◆ **Work item**: The full listing, word for word and free of images, is the expected result.

◆ **Task inputs**:
----------------------------------------
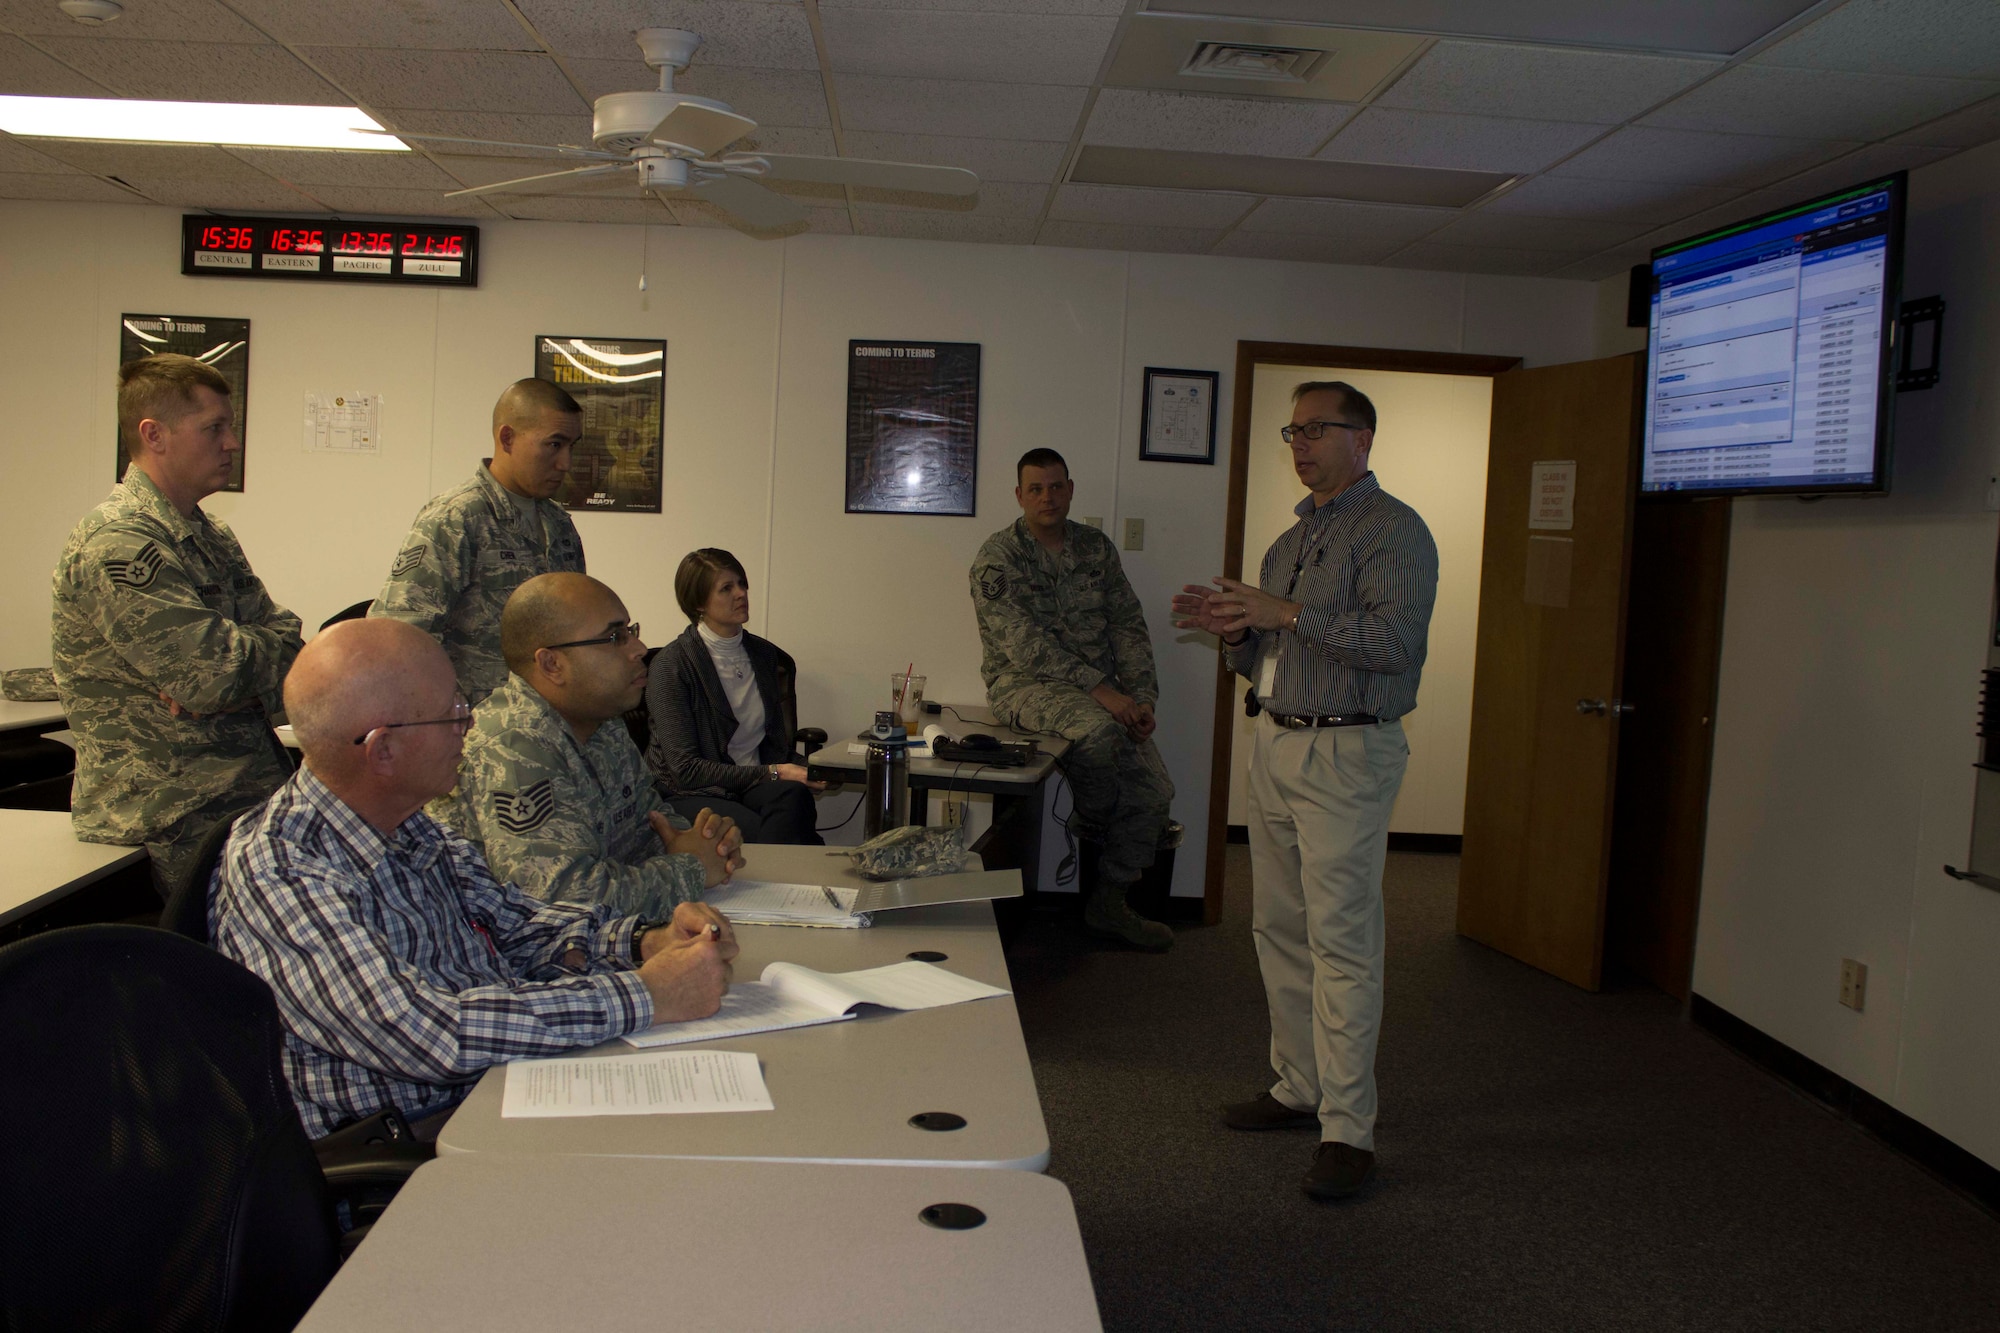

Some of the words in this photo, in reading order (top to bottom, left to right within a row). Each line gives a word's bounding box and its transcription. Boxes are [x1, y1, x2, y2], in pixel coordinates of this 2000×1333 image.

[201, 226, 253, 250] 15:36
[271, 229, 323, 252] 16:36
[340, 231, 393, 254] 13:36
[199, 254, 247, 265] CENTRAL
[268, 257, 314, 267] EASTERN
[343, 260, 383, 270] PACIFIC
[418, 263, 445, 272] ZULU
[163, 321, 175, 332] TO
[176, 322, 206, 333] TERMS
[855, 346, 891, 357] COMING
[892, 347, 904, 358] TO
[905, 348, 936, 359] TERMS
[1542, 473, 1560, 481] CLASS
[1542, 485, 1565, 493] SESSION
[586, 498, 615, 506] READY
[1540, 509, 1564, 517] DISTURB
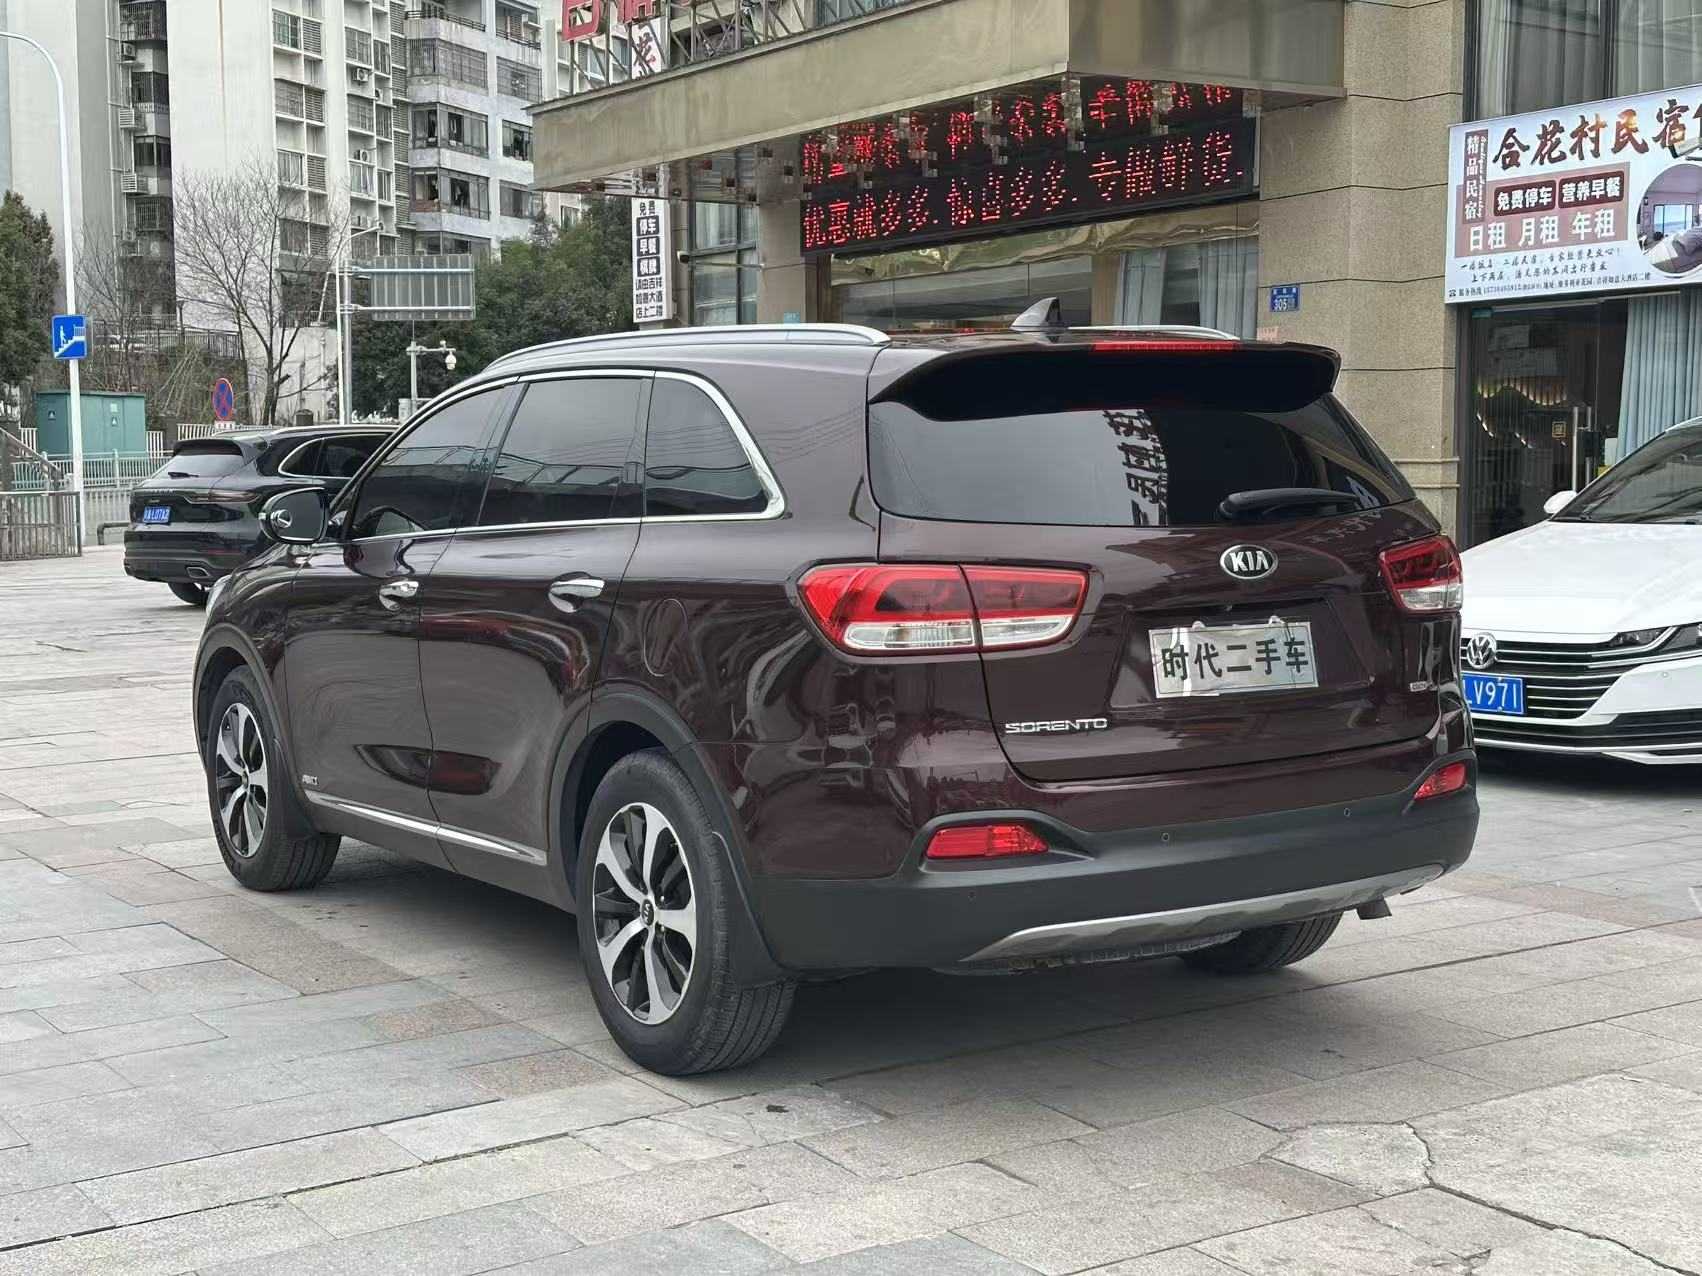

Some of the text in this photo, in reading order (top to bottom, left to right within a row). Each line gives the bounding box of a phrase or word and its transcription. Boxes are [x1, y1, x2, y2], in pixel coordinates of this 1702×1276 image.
----------------------------------------
◆ **Answer to this task**:
Some of the words in this photo, in reading order (top to bottom, left to right within a row). Each line gives a word's bounding box and its transcription. Boxes are [x1, y1, x2, y2], in pixel coordinates of this 2000×1333 image.

[201, 226, 253, 250] 15:36
[271, 229, 323, 252] 16:36
[340, 231, 393, 254] 13:36
[199, 254, 247, 265] CENTRAL
[268, 257, 314, 267] EASTERN
[343, 260, 383, 270] PACIFIC
[418, 263, 445, 272] ZULU
[163, 321, 175, 332] TO
[176, 322, 206, 333] TERMS
[855, 346, 891, 357] COMING
[892, 347, 904, 358] TO
[905, 348, 936, 359] TERMS
[1542, 473, 1560, 481] CLASS
[1542, 485, 1565, 493] SESSION
[586, 498, 615, 506] READY
[1540, 509, 1564, 517] DISTURB

Some of the text in this photo, in reading order (top to bottom, left to right within a row). Each line gives the bounding box of a phrase or word and its transcription. Boxes are [x1, y1, x2, y2], in pixel coordinates of this 1702×1276 image.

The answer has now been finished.